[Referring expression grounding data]
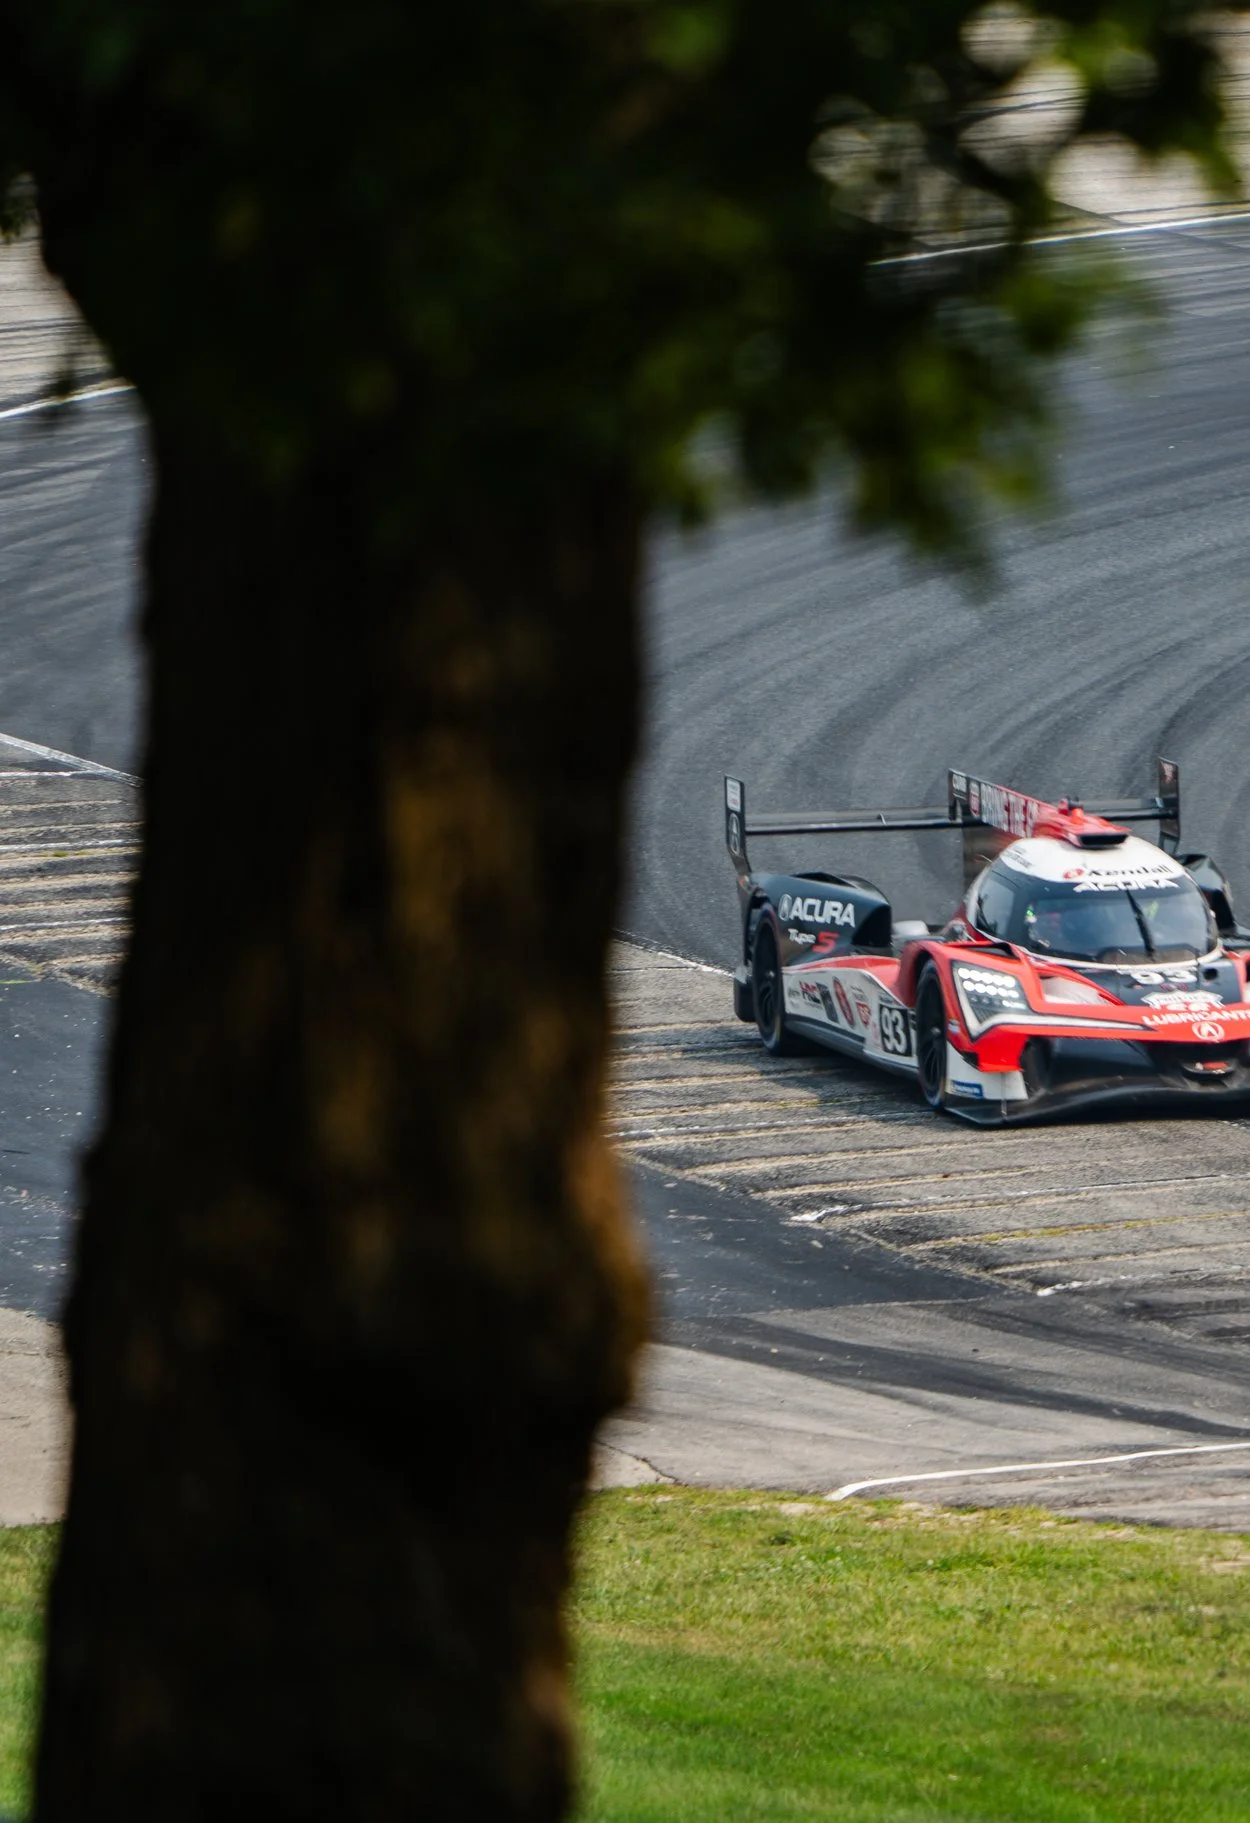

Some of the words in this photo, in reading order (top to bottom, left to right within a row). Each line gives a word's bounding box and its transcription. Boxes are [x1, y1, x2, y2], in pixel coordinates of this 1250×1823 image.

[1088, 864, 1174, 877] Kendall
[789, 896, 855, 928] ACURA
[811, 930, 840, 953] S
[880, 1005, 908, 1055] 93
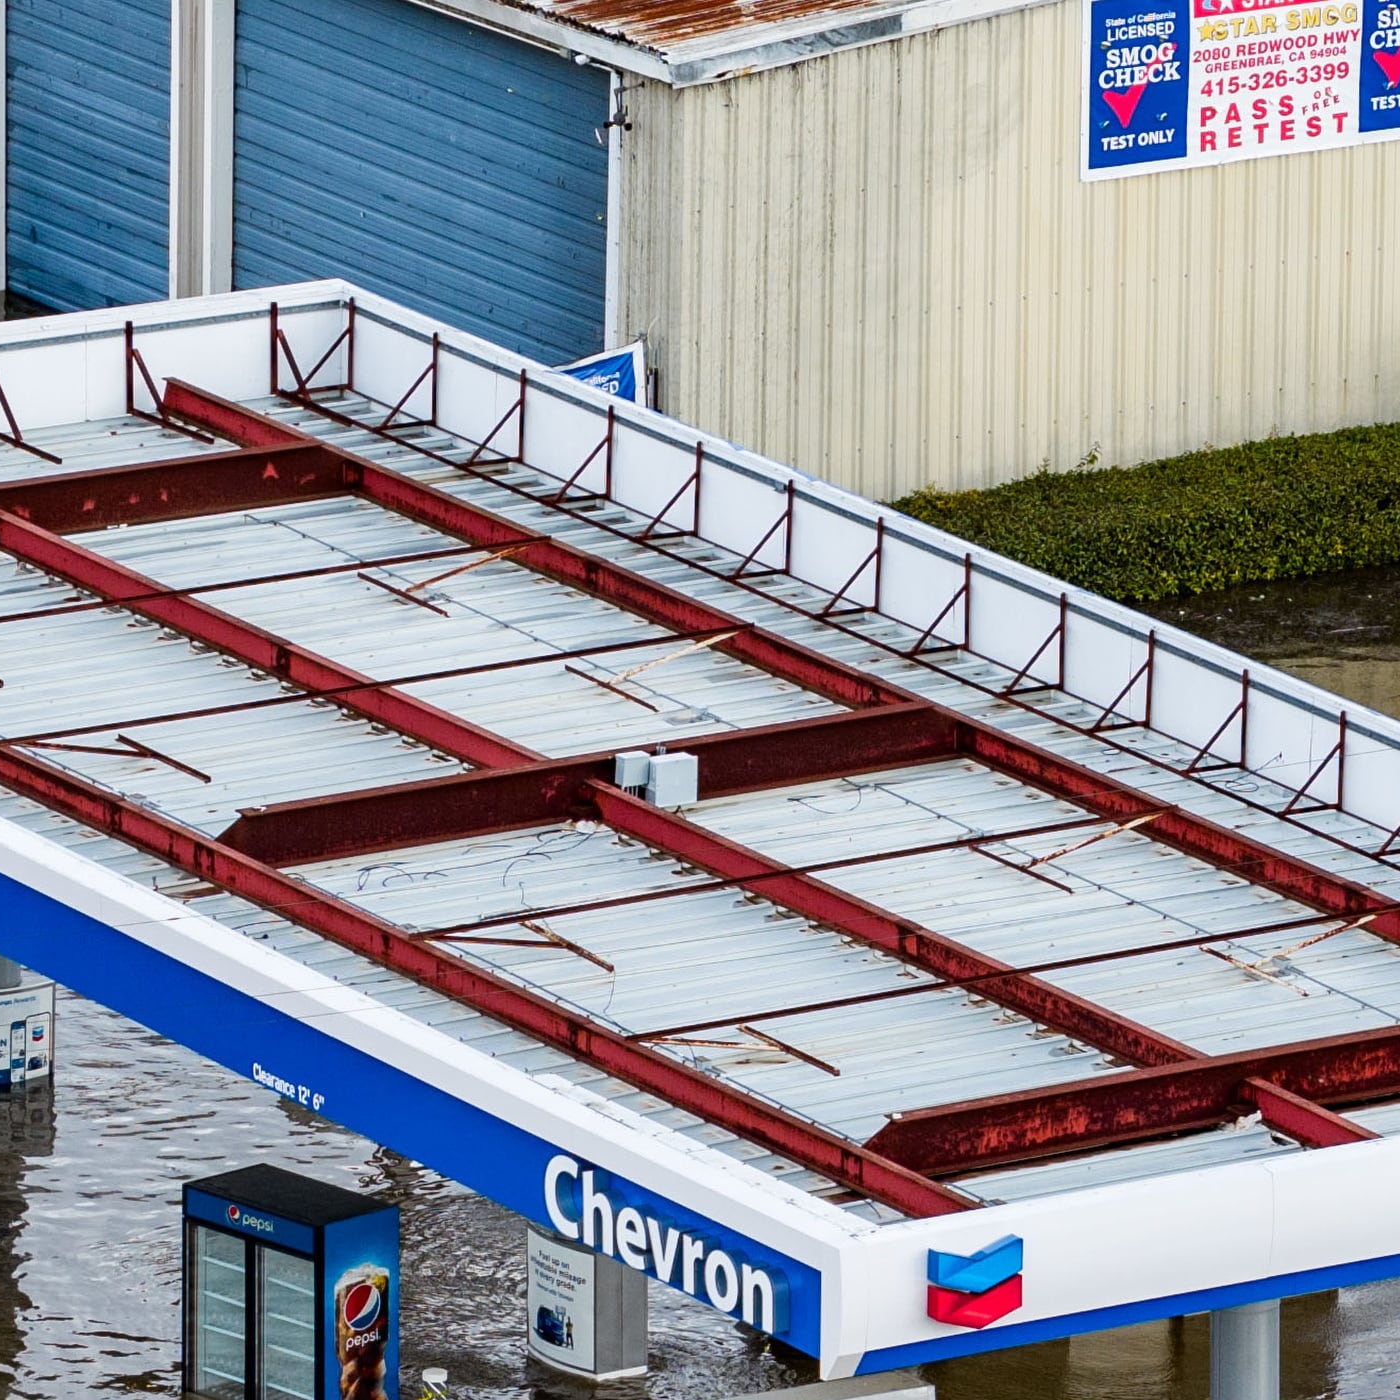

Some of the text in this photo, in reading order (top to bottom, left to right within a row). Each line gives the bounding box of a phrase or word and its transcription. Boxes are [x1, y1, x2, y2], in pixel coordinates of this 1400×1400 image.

● WORK INSTRUCTIONS
Start to finish, write out the data above exactly, omitting all pictures.

● SOLUTION TO THE EXERCISE
Some of the words in this photo, in reading order (top to bottom, left to right within a row). Each line gives a word's bounding box and its transcription. Boxes are [x1, y1, x2, y2], in pixel coordinates of this 1250×1823 image.

[1088, 864, 1174, 877] Kendall
[789, 896, 855, 928] ACURA
[811, 930, 840, 953] S
[880, 1005, 908, 1055] 93

Some of the text in this photo, in reading order (top to bottom, left to right within a row). Each line gives the bounding box of a phrase or word and its transcription. Boxes are [x1, y1, x2, y2], in pixel coordinates of this 1400×1400 image.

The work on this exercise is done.